# Cost of going single on a rb26



## Benr32gtr (Apr 9, 2014)

Hi just wondered how much it costs plus use a good turbo


----------



## J13ME (Apr 24, 2015)

thats like asking how much a house costs dude. So many variations!

Ranging from £100 manifold, £500 turbo/downpipe/lines..

to £1200 manifold, £1500 turbo, £1000 ECU..

Depends what you have already and what you want? Engine for example... going single on standard internals is pretty much a waste as you will be able to have twins running more than a standard engine will take..

What spec is it at the moment and what use/power goals?

If you already have a MAP based ECU, built engine etc.. its just a case of buying a turbo, manifold and downpipe and lines then mapping off the top of my head?

but from a standard GTR its obviously going to need the ECU to run it all and as I say about the internals etc?


----------



## RXXXIV (Sep 3, 2007)

Why do you want to go single?

That's the first question.

Any other reply depends on your answer to the above.


----------



## davejames33 (May 18, 2014)

I'm going single. Plans so far 
Link ecu +map 1600 roughly 
6boost mani+wastegate 1500
Turbo 1500
Nismo copper mix twin 1500
Injectors 500
Fuel pump 100
Downpipe and oil lines etc 500?

Sent from my SM-G920F using Tapatalk


----------



## J13ME (Apr 24, 2015)

Boost controller also? 

What is the reason for the change?


----------



## kociek (Jul 18, 2011)

If you going for decent staff (not chinese copies) realistic 7 to 9k.
Depending in turbo choice,and however you got already.


----------



## davejames33 (May 18, 2014)

J13ME said:


> Boost controller also?
> 
> What is the reason for the change?


Boost controller will be integrated with the ecu. Not sure on the reasoning tbh, it's an on going project. Prefer the look and access and simplicity of a single too. And the noises it makes too lol


----------



## Jimbostir (Dec 2, 2008)

More like 350 or so for the fuel pump if you go for a decent hks one.


----------



## D-Ranged (Aug 16, 2007)

Depends what sort of parts and quality you go for and what you already have. I bought pretty much all new and was something along these lines -

6boost manifold - £1200
Twin 38mm external gates - £600
Precision 6266 Dual BB turbo - £1200
Asnu injectors - £650
Downpipe, screamers and wastegate flange welding - £400
4" intercooler - £150
Intercooler piping - £400
BOV - £350

Plus lots of little costs here and there. Also depends on what power you want to go for. I have some cams to fit and a twin external fuel setup to fit so i can run more power.


----------



## rob wild (Jul 30, 2007)

I went single recently and the car is so much better. Don't get me wrong the old setup and turbos were great and I had a lot of fun with it.
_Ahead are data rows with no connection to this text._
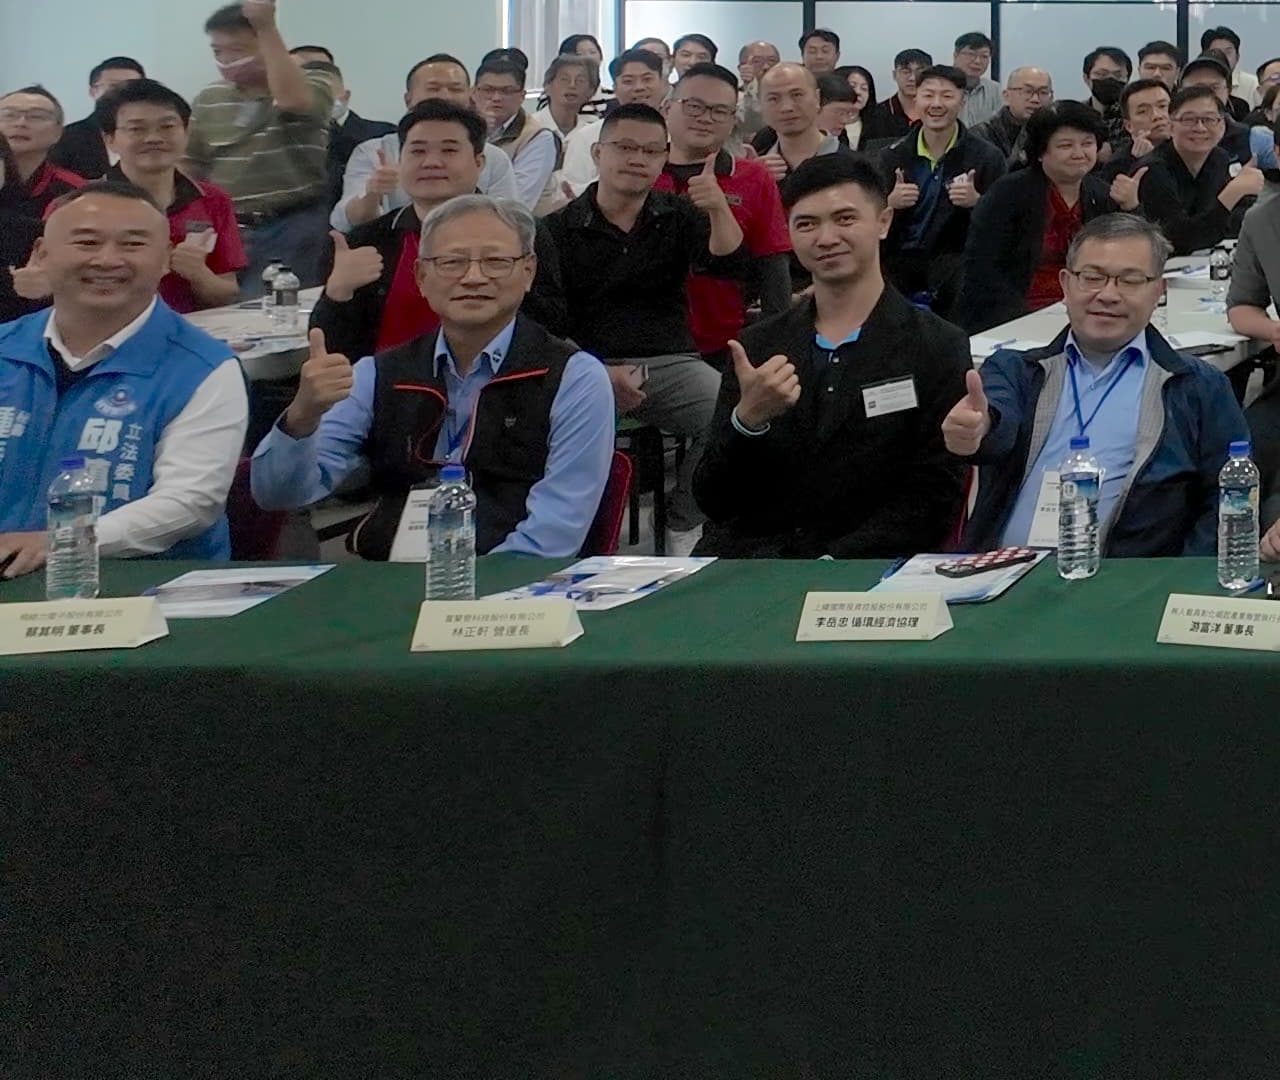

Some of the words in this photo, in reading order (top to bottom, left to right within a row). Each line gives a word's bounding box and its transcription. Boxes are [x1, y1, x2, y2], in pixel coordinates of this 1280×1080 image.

[112, 422, 143, 501] 立法委員
[67, 623, 106, 636] 董事長
[493, 624, 531, 637] 營運長
[1223, 623, 1255, 637] 董事長
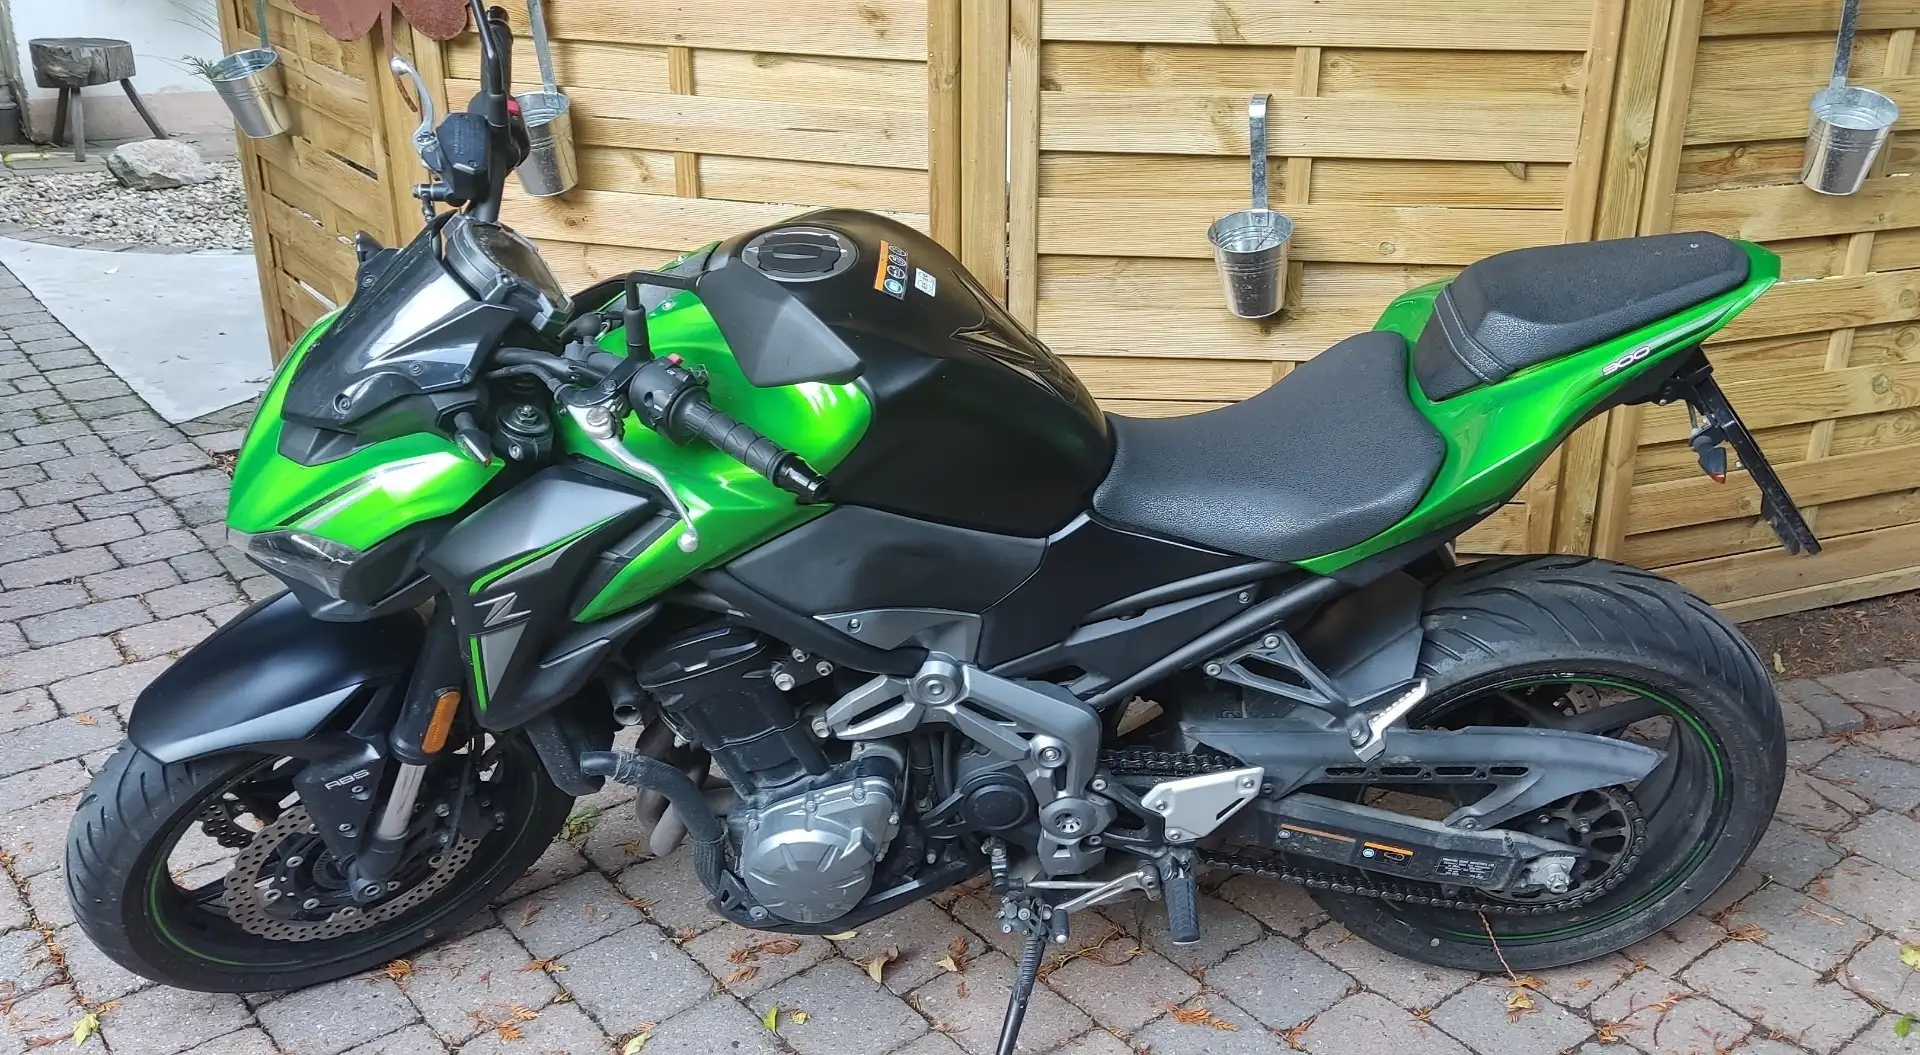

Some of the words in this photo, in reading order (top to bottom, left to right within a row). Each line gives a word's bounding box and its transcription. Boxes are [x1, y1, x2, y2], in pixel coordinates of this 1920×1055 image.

[1602, 346, 1650, 376] 900
[473, 591, 532, 628] Z
[324, 769, 370, 790] ABS
Obviously the cost to go single is about 5-6k depending upon what you need.

Manifold 1000
Link G4+ including mapping 1600
Turbo BW EFR 1600 (integrated wastegate, bov, bc)
Downpipes and lines 500-600

Things you would need but I already had were fuel system(injectors, pump fpr etc), clutch, fmic etc etc

Was it worth spending 5k on the car to do this set up? for me yes, many would say no from a cost benefit point of view or they just prefer twin, each to their own and all that. However we don't own theses cars to save money lol and I like punchy fast spooling setups.
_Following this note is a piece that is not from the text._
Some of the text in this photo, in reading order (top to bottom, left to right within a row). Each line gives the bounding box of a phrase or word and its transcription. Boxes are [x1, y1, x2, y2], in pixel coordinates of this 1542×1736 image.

I'm really happy with the setup now, it's so good in its power delivery with 1.4/5 bar before 4000rpm and over 100lbft throughout the Rev range range.

This vid sums up my car now


----------



## Dan Parker (May 17, 2012)

Also if you are ordering from overseas add import charges and taxes.
Agreed between 6-8k


----------



## mgtkr1 (Aug 27, 2015)

the reasoning behind going for a single is probably better than it sounds, even with stock internals when you think about it. once you get past the initial outlay, you have a much better performing turbo should you go with a modern unit. faster spool up, more power over a greater range and a nice bonus is the simplicity and ease to work on. they also make a great sound


----------



## rob wild (Jul 30, 2007)

mgtkr1 said:


> the reasoning behind going for a single is probably better than it sounds, even with stock internals when you think about it. once you get past the initial outlay, you have a much better performing turbo should you go with a modern unit. faster spool up, more power over a greater range and a nice bonus is the simplicity and ease to work on. they also make a great sound


I suppose the main benefits for me are:

1) Low down power/response both on track and the road, much easier to drive and I'm not having to rev the engine as hard.
2) It does sound cool lol but that's people'spreference 
3) Heat management is much better, on track, temps where much improved even after a number of hard laps of Silverstone
4) Easier to work on/change setups
5) Obviously the Link has also added a number of excellent features into the mix, obviously most of which could have been on twins.
6) More power at the same boost
7) Better MPG, obviously this is down to the map but also my change to driving style when just cruising.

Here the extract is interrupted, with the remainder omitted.